Work item
Word for word, and without a single picture, repeat the entries.

Items listed in a dataset
────────────────────

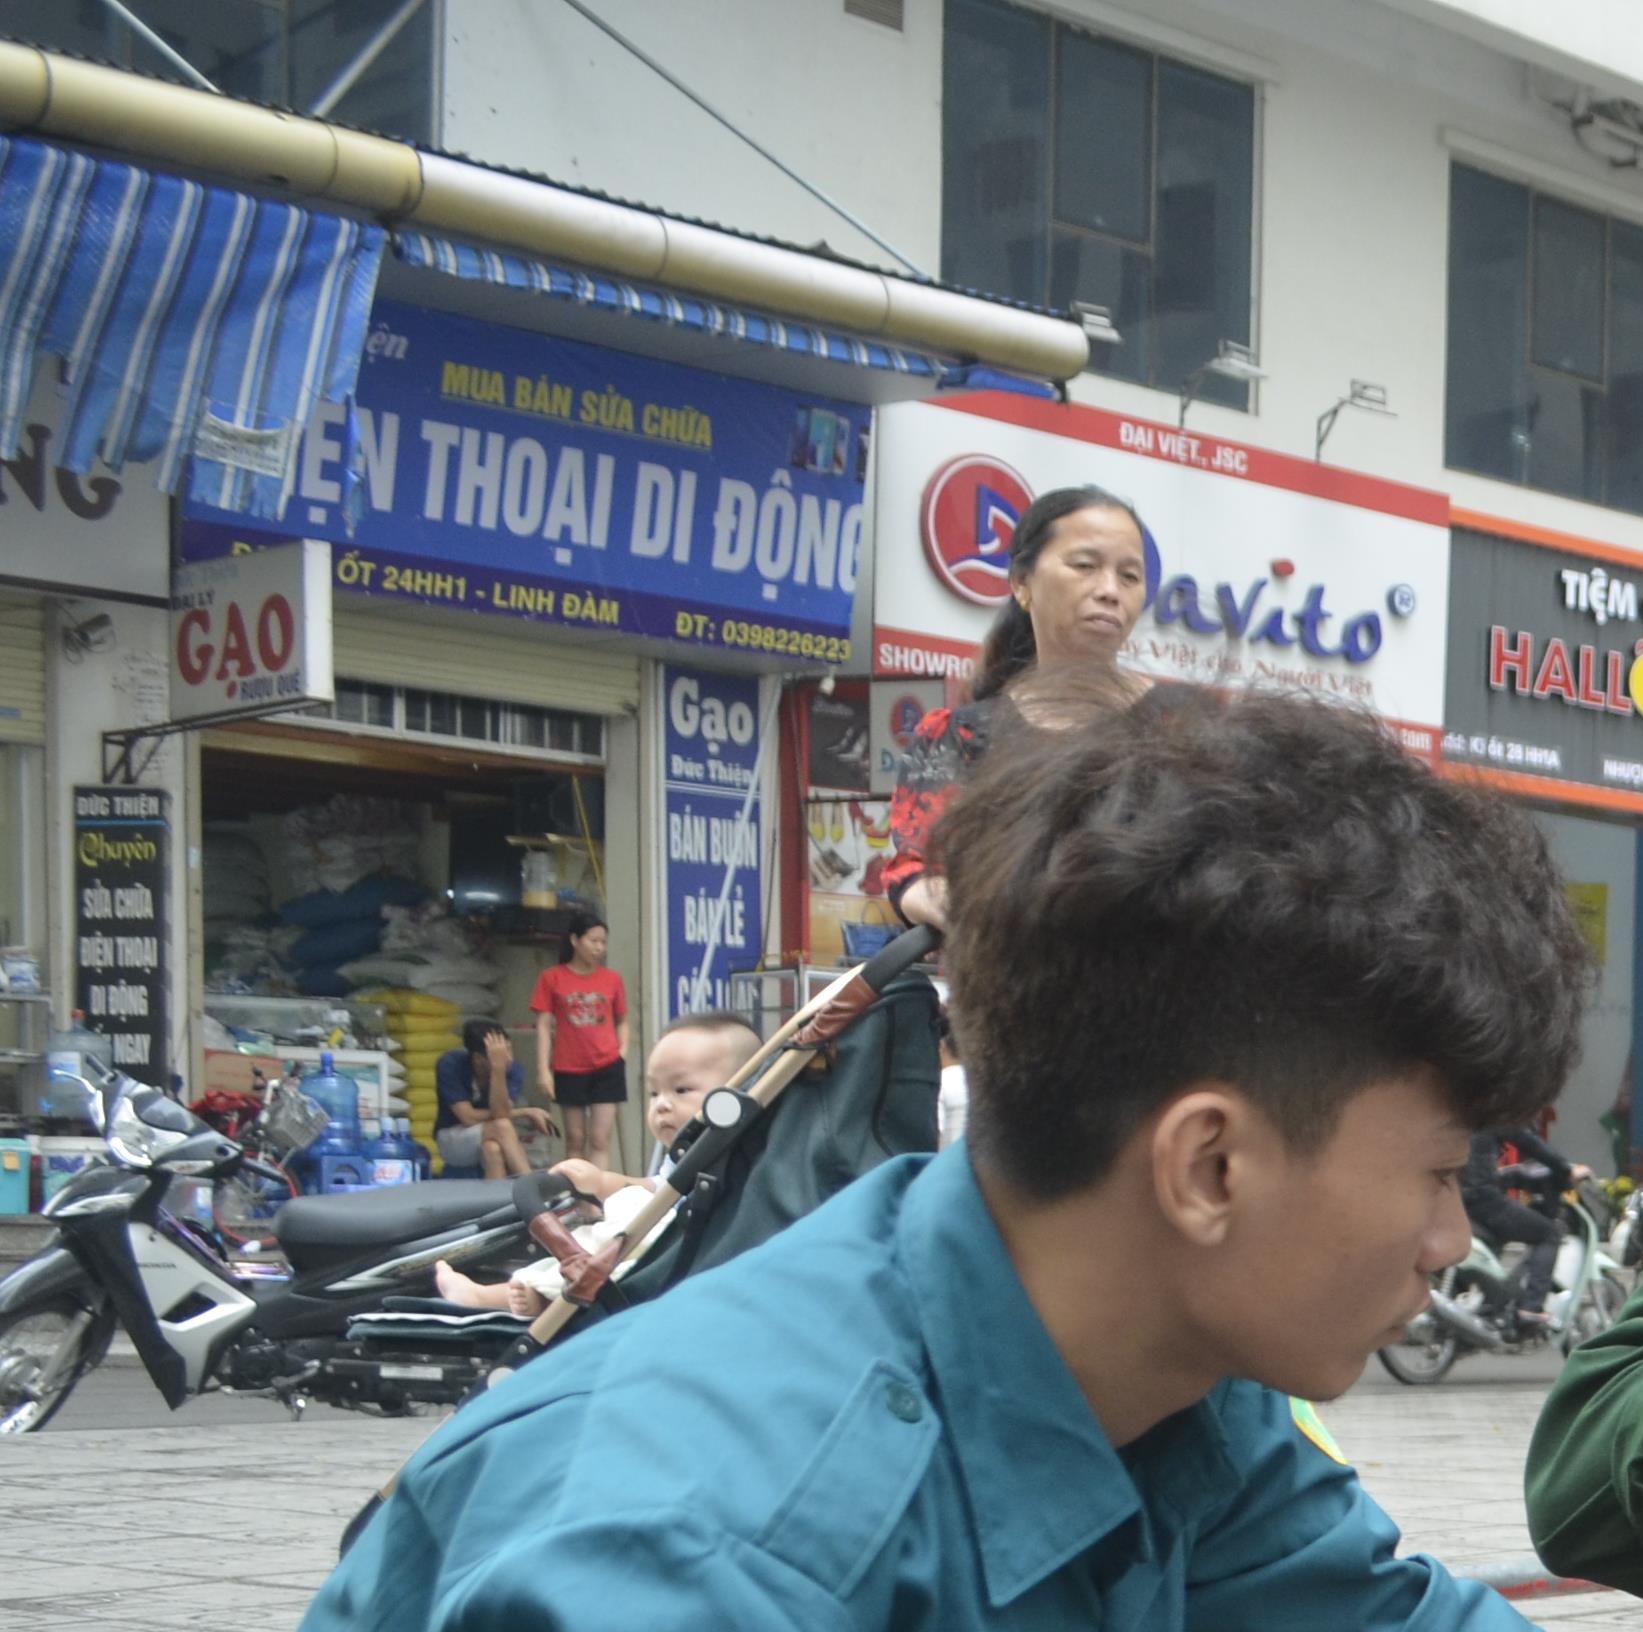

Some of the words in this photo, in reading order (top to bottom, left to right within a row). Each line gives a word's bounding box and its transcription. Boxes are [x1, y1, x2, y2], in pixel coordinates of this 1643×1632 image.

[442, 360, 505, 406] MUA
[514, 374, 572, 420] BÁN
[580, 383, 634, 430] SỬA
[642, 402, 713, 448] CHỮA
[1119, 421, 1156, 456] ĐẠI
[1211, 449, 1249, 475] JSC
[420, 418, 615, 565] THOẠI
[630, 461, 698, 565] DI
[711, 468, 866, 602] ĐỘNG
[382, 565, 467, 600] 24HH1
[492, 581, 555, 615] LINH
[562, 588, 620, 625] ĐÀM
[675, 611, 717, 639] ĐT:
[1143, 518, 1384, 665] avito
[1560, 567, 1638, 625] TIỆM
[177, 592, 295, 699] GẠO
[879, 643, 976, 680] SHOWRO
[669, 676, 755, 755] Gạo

────────────────────

Result
Some of the words in this photo, in reading order (top to bottom, left to right within a row). Each line gives a word's bounding box and its transcription. Boxes are [x1, y1, x2, y2], in pixel coordinates of this 1643×1632 image.

[442, 360, 505, 406] MUA
[514, 374, 572, 420] BÁN
[580, 383, 634, 430] SỬA
[642, 402, 713, 448] CHỮA
[1119, 421, 1156, 456] ĐẠI
[1211, 449, 1249, 475] JSC
[420, 418, 615, 565] THOẠI
[630, 461, 698, 565] DI
[711, 468, 866, 602] ĐỘNG
[382, 565, 467, 600] 24HH1
[492, 581, 555, 615] LINH
[562, 588, 620, 625] ĐÀM
[675, 611, 717, 639] ĐT:
[1143, 518, 1384, 665] avito
[1560, 567, 1638, 625] TIỆM
[177, 592, 295, 699] GẠO
[879, 643, 976, 680] SHOWRO
[669, 676, 755, 755] Gạo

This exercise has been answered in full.